Artykuły

Roman Pawłowski: Czekam na ministrę kultury

Bogdan Zdrojewski, minister kultury w obu rządach premiera Donalda Tuska, wygrał wybory do Parlamentu Europejskiego i jedzie do Brukseli. Kto go zastąpi? Jakie powinien mieć cechy, doświadczenie i poglądy, aby skutecznie zaopiekować się polską kulturą? - pyta Roman Pawłowski w Gazecie Wyborczej.

Od wyborów parlamentarnych z 2011 r. powtarzam z uporem feministy, że ministrem kultury powinna zostać kobieta. I nie chodzi tu o stereotypowe wyobrażenie kobiety jako kogoś, kto zajmuje się mniej istotnymi sprawami, takimi jak ogrodnictwo czy właśnie kultura. Przeciwnie - ta dziedzina jest dzisiaj niezwykle ważna, jeśli w ogóle nie najważniejsza. Bo to właśnie kultura nas wyróżnia w rzeczywistości globalnego rynku, opanowanej przez ponadnarodowe korporacje.

Od kultury zależy, czy zachowamy tożsamość, czy też zmienimy się w liczby w excelowych tabelkach speców od marketingu. Kultura jest wreszcie przestrzenią emancypacji - jest w niej miejsce na głosy, które z trudem przebijają się w debacie publicznej i życiu społecznym, w tym przede wszystkim na głosy kobiet.

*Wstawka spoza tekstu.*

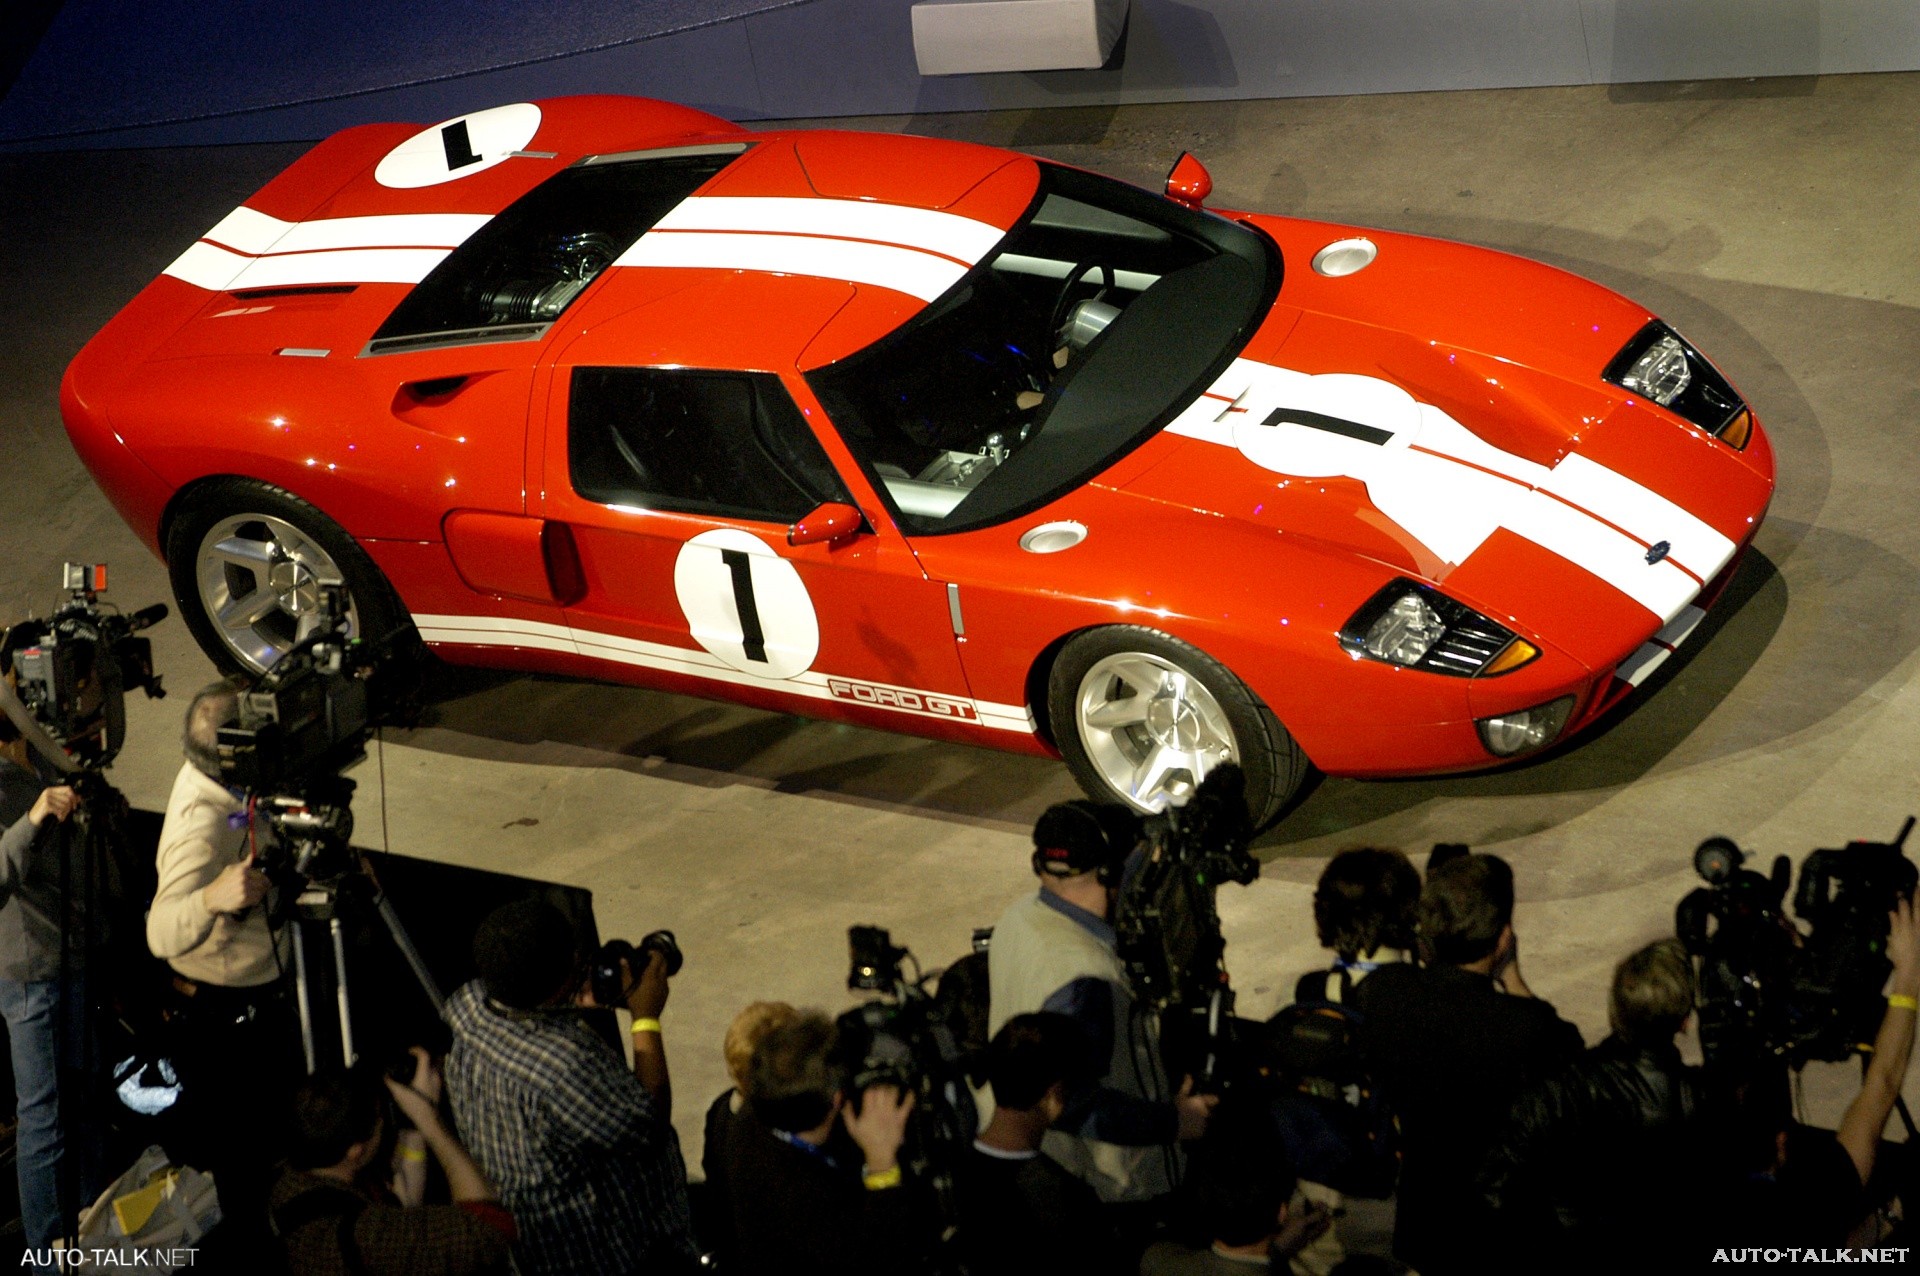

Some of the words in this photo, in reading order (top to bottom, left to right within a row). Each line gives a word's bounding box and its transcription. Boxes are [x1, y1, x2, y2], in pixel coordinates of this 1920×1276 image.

Kultura to zbyt poważne zadanie, aby powierzać je facetom. Ich wieczne dążenie do rywalizacji, skłonność do budowania hierarchii i przesadne skupienie na sobie rozmijają się ze współczesną kulturą, która jest antyhierarchiczna, demokratyczna, oparta na negocjacji i poziomych strukturach. To nie przypadek, że kobiety najlepiej sprawdzają się w rolach menedżerów zarządzających instytucjami i projektami kulturalnymi. Są nastawione na współpracę, a nie rywalizację, charakteryzuje je zdolność kompromisu i umiejętność negocjacji, a ich empatia gwarantuje, że każdy może się poczuć równoprawnym uczestnikiem organizowanego przez nie wydarzenia. Autorytarne, "męskie" metody zarządzania zniszczyły w Polsce niejeden teatr i niejedno muzeum.

Nie znam ani jednej instytucji kultury, którą do ruiny doprowadziłaby kobieta, znam natomiast przykłady takich, które kobiety odbudowały po facetach.

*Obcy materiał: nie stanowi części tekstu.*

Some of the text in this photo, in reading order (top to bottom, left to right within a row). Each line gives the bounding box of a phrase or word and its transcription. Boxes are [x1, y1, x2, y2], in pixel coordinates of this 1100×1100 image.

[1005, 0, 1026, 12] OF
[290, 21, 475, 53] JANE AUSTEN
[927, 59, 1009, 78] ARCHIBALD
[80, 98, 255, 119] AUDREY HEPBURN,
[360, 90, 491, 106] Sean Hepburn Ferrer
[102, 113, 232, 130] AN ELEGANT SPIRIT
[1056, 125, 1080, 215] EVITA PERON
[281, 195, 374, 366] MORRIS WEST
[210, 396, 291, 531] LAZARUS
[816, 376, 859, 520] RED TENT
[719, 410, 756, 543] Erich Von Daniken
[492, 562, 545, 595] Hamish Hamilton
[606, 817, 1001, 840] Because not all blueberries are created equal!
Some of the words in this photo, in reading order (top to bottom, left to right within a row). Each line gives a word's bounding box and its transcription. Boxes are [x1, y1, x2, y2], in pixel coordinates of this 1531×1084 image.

Nominacja dla polityczki, menedżerki lub artystki na stanowisko ministry kultury byłaby tylko potwierdzeniem faktycznej dominacji kobiet w tej dziedzinie. Kobiety już rządzą w kulturze, i to nie tylko w instytucjach, także na poziomie rodzin i związków. To kobiety najczęściej decydują o wyjściu do kina, teatru czy filharmonii, czytają więcej książek i oglądają więcej spektakli teatralnych od mężczyzn. Jak to ujął pewien norweski polityk, są ministrami kultury swoich rodzin.

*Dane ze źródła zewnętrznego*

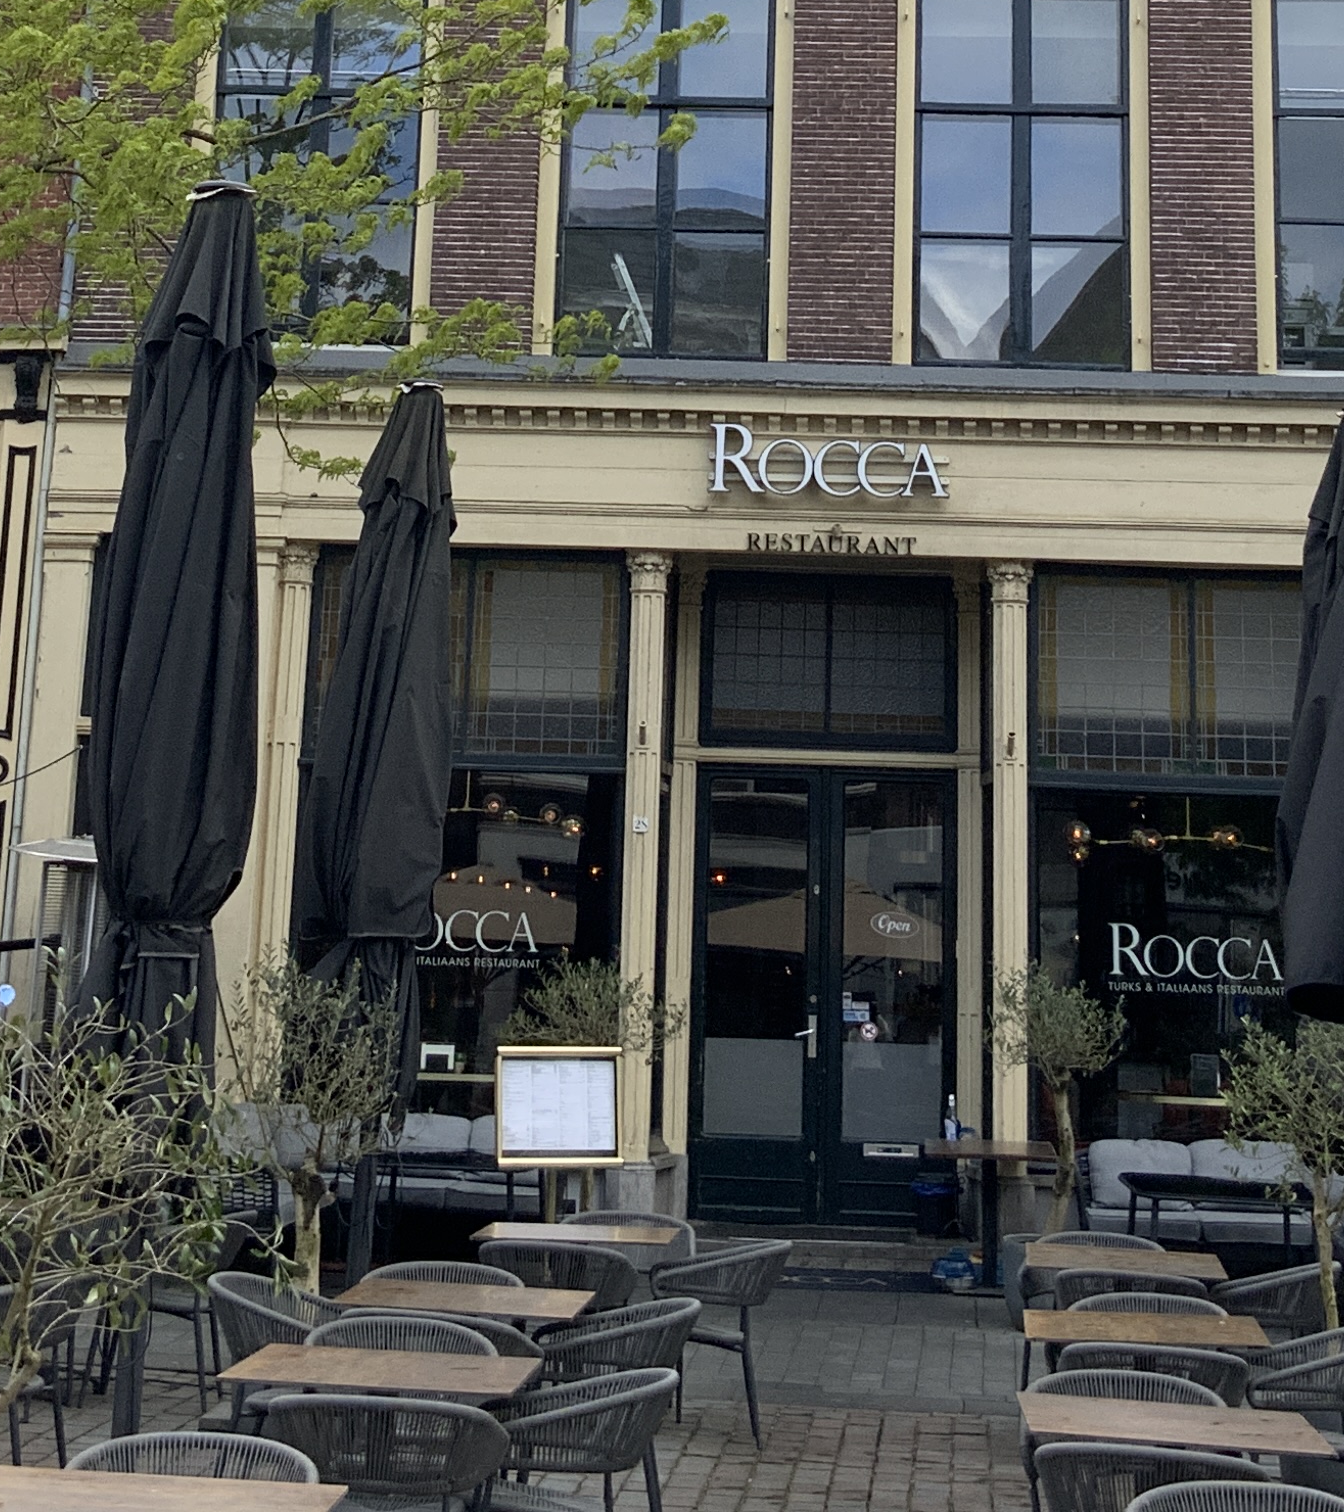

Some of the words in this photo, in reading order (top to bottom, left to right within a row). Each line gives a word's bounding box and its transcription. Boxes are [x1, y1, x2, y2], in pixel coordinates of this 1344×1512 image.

[709, 423, 949, 498] ROCCA
[746, 532, 917, 555] RESTAURANT
[415, 909, 539, 953] CCA
[878, 914, 911, 934] Open
[416, 955, 471, 967] ITALIAANS
[473, 957, 540, 969] RESTAURANT
[1108, 922, 1284, 981] ROCCA
[1108, 980, 1142, 992] TURKS
[1144, 981, 1153, 992] &
[1156, 982, 1214, 994] ITALIAANS
[1216, 984, 1285, 996] RESTAURANT
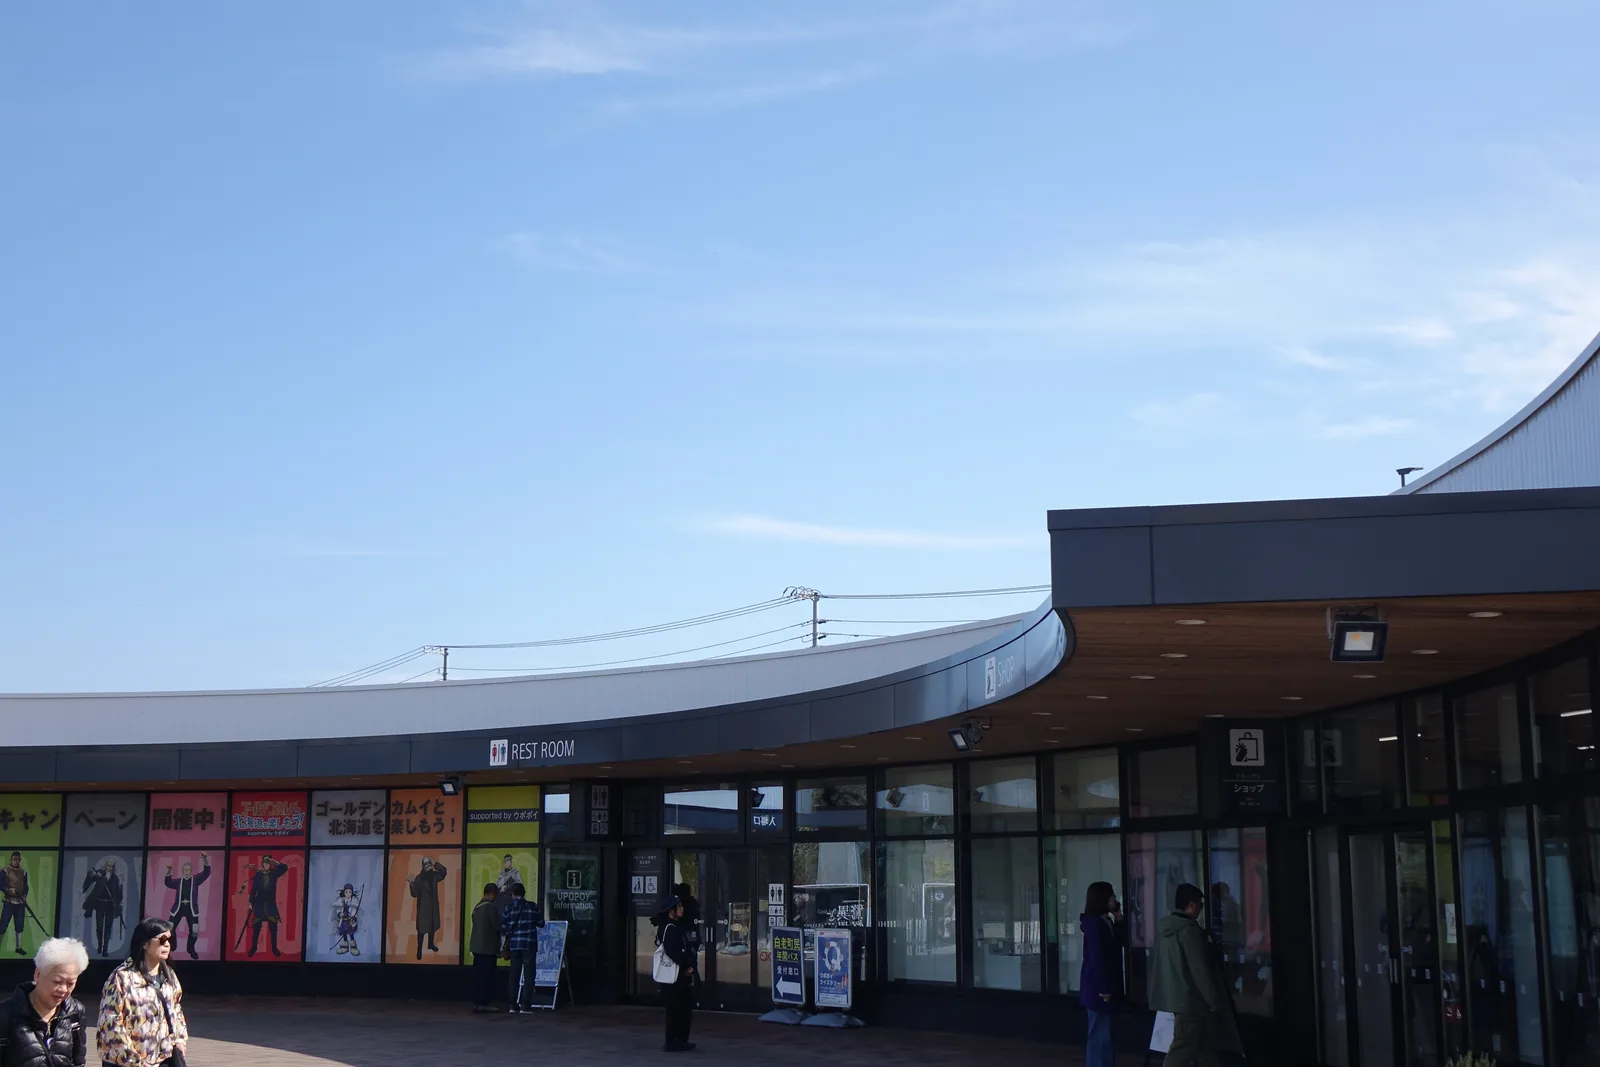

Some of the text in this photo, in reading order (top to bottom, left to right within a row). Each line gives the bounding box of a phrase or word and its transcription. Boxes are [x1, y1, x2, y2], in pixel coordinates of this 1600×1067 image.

[997, 656, 1015, 687] SHOP
[511, 739, 575, 760] REST ROOM
[1233, 783, 1264, 793] ショップ
[469, 811, 502, 821] supported
[503, 811, 512, 820] by
[557, 891, 590, 901] UPOPOY
[774, 936, 800, 950] 白老町民
[777, 965, 799, 976] 受付窓口

Dlaczego jednej z nich nie powierzyć całego ministerstwa? Jestem przekonany, że kobieta na stanowisku ministra kultury rozsądniej wydawałaby pieniądze, zadbałaby o demokratyczny dostęp do kultury, pomyślałaby o opiece socjalnej dla twórców i broniłaby wolności twórczej.

Powtórzę więc apel sprzed trzech lat: po 1989 r. Ministerstwem Kultury dwa razy kierowały kobiety - Izabella Cywińska i Joanna Wnuk-Nazarowa.

Najwyższy czas na trzecią ministrę.

Pracownia

X
Nie jesteś zalogowany. Zaloguj się.
Trwa wyszukiwanie

Kafelki

Nakieruj na kafelki, aby zobaczyć ich opis.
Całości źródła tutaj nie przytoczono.